Mark Guiliana (born September 2, 1980) is an American drummer, composer and leader of the band Beat Music. He has played with Avishai Cohen, Brad Mehldau, David Bowie, Meshell Ndegeocello, Gretchen Parlato, Jason Lindner, Lionel Loueke, Dhafer Youssef, Tigran Hamasyan, Matisyahu, St.

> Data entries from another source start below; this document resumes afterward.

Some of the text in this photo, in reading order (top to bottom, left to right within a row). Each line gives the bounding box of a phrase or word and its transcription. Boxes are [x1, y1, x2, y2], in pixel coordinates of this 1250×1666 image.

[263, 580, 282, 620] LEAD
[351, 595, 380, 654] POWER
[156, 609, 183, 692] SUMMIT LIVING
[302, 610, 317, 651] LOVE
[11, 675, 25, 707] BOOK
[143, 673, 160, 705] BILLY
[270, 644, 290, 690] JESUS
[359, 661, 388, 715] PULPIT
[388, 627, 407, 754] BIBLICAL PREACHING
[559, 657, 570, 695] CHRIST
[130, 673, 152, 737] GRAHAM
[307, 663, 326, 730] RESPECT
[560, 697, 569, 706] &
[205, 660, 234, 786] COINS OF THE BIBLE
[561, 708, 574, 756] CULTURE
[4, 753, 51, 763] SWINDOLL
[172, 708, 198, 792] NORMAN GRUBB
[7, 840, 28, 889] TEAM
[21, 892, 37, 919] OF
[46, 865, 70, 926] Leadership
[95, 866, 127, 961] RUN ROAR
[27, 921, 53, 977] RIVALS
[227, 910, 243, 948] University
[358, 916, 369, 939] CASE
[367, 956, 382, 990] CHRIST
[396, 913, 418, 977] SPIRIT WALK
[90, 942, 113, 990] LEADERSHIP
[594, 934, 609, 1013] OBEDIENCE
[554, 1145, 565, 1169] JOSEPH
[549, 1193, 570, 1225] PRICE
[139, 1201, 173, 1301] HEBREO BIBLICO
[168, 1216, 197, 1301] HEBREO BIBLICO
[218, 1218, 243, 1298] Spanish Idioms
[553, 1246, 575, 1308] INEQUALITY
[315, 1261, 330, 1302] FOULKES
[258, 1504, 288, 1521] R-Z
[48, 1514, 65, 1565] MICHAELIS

Vincent, the European piano trio Phronesis and his own groups, Heernt and the Mark Guiliana Jazz Quartet.

==Biography==
Guiliana was born and raised in New Jersey, and attended William Paterson University, where he graduated in 2003 with a degree in Jazz Studies and Performance.

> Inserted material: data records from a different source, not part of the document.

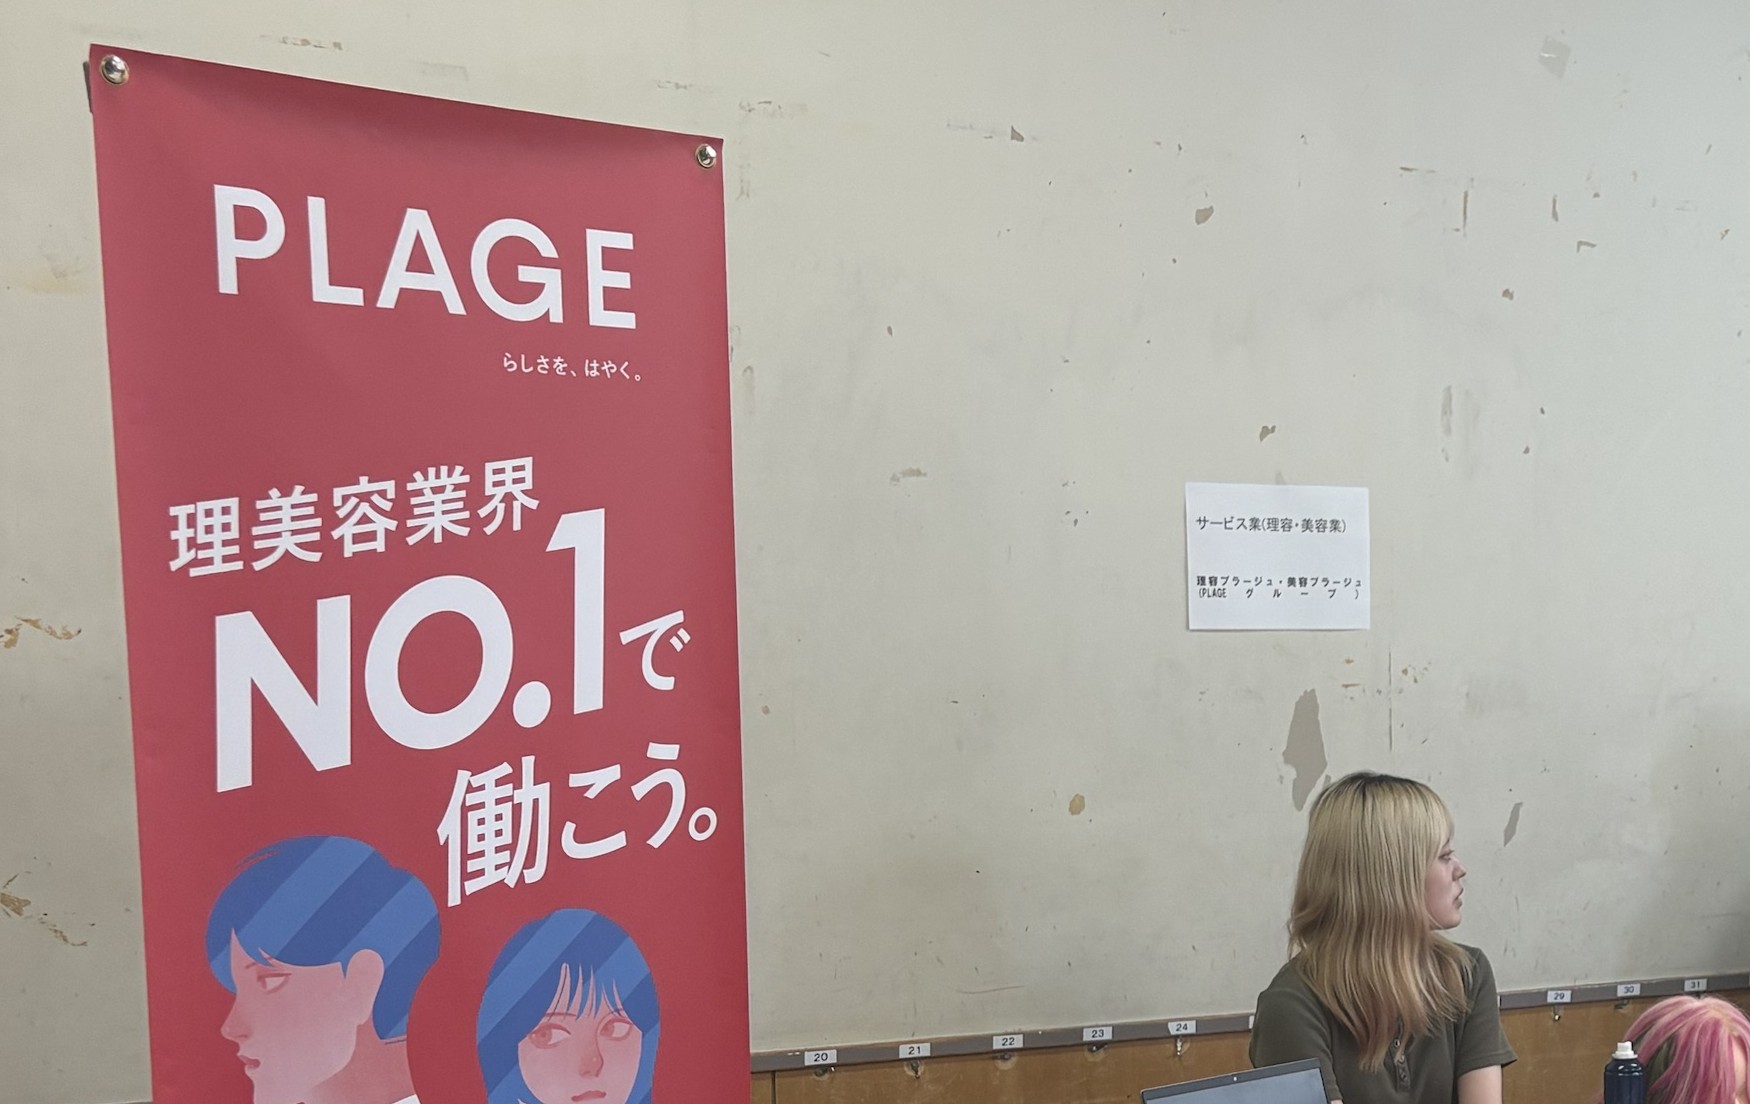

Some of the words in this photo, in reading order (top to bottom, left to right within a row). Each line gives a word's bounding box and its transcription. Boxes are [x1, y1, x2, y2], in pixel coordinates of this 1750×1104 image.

[213, 184, 637, 329] PLAGE
[503, 352, 641, 382] らしさを、はやく。
[168, 457, 540, 577] 理美容業界
[436, 742, 718, 907] 働こう。
[1624, 986, 1635, 995] 30
[1691, 981, 1701, 990] 31
[1554, 992, 1565, 1001] 29
[1176, 1022, 1189, 1033] 24
[1092, 1028, 1105, 1039] 23
[1002, 1036, 1015, 1048] 22
[909, 1045, 922, 1056] 21
[814, 1052, 828, 1063] 20
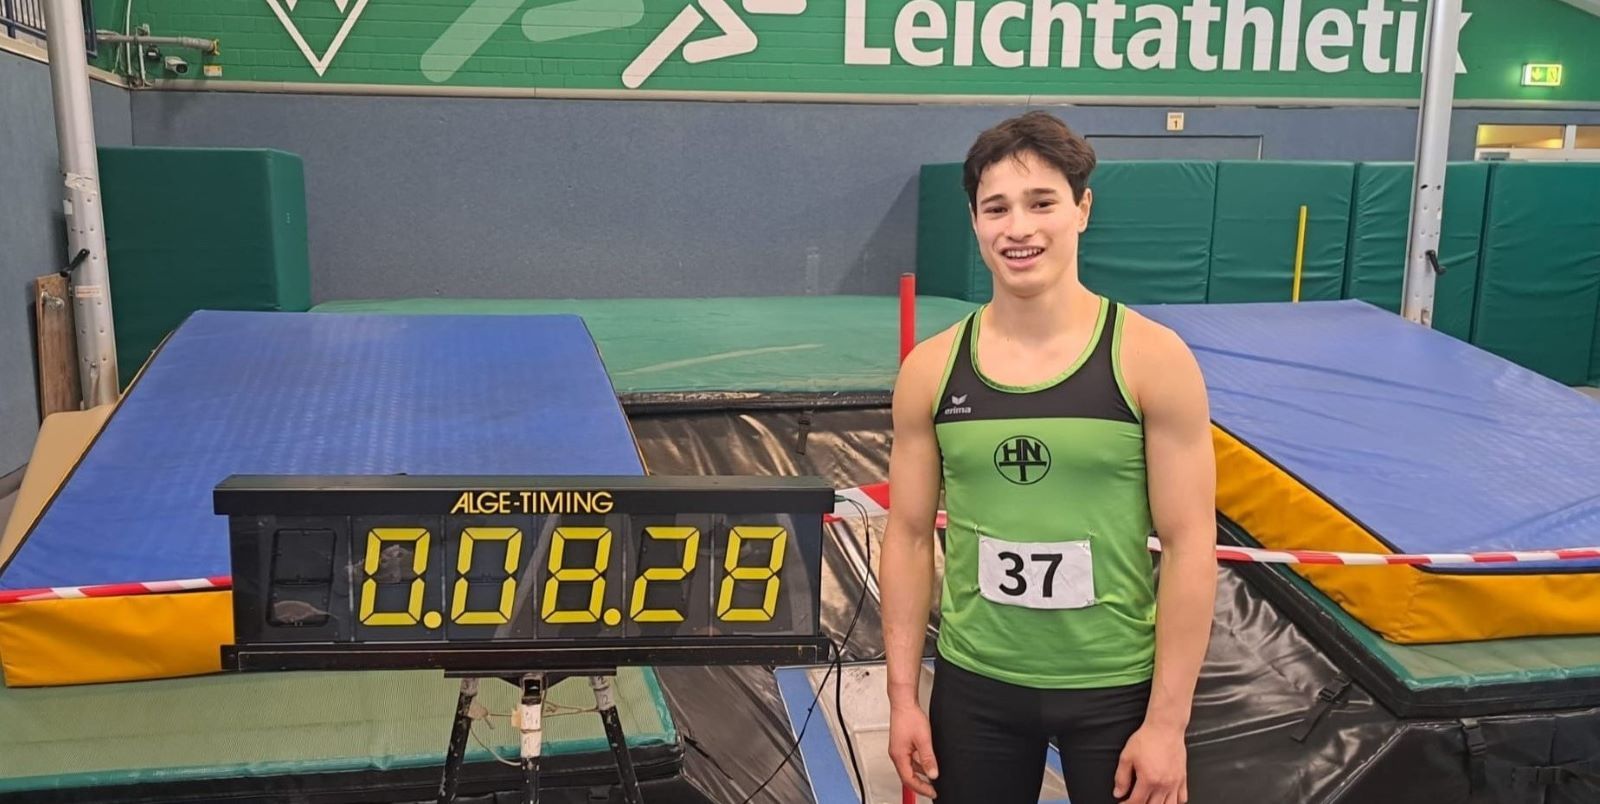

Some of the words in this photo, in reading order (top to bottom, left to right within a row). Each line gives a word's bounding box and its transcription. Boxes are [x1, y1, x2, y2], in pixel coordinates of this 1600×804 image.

Mark Guiliana is a drummer, composer, educator, producer and founder of Beat Music Productions, through which he released My Life Starts Now and Beat Music: The Los Angeles Improvisations as a bandleader.

His conceptual approach to the instrument is also featured in Mehliana, the electric duo featuring Brad Mehldau on keyboards and synthesizers. The group's debut album, Taming the Dragon (Nonesuch), was released in early 2014.

Guiliana's extensive touring has taken him across six continents with artists including Meshell Ndegeocello, Gretchen Parlato, Avishai Cohen, Matisyahu, Lionel Loueke, Now vs. Now, Dhafer Youssef, Beat Music and Heernt. He has also appeared on over 30 recordings to date, including Blackstar, David Bowie's final album.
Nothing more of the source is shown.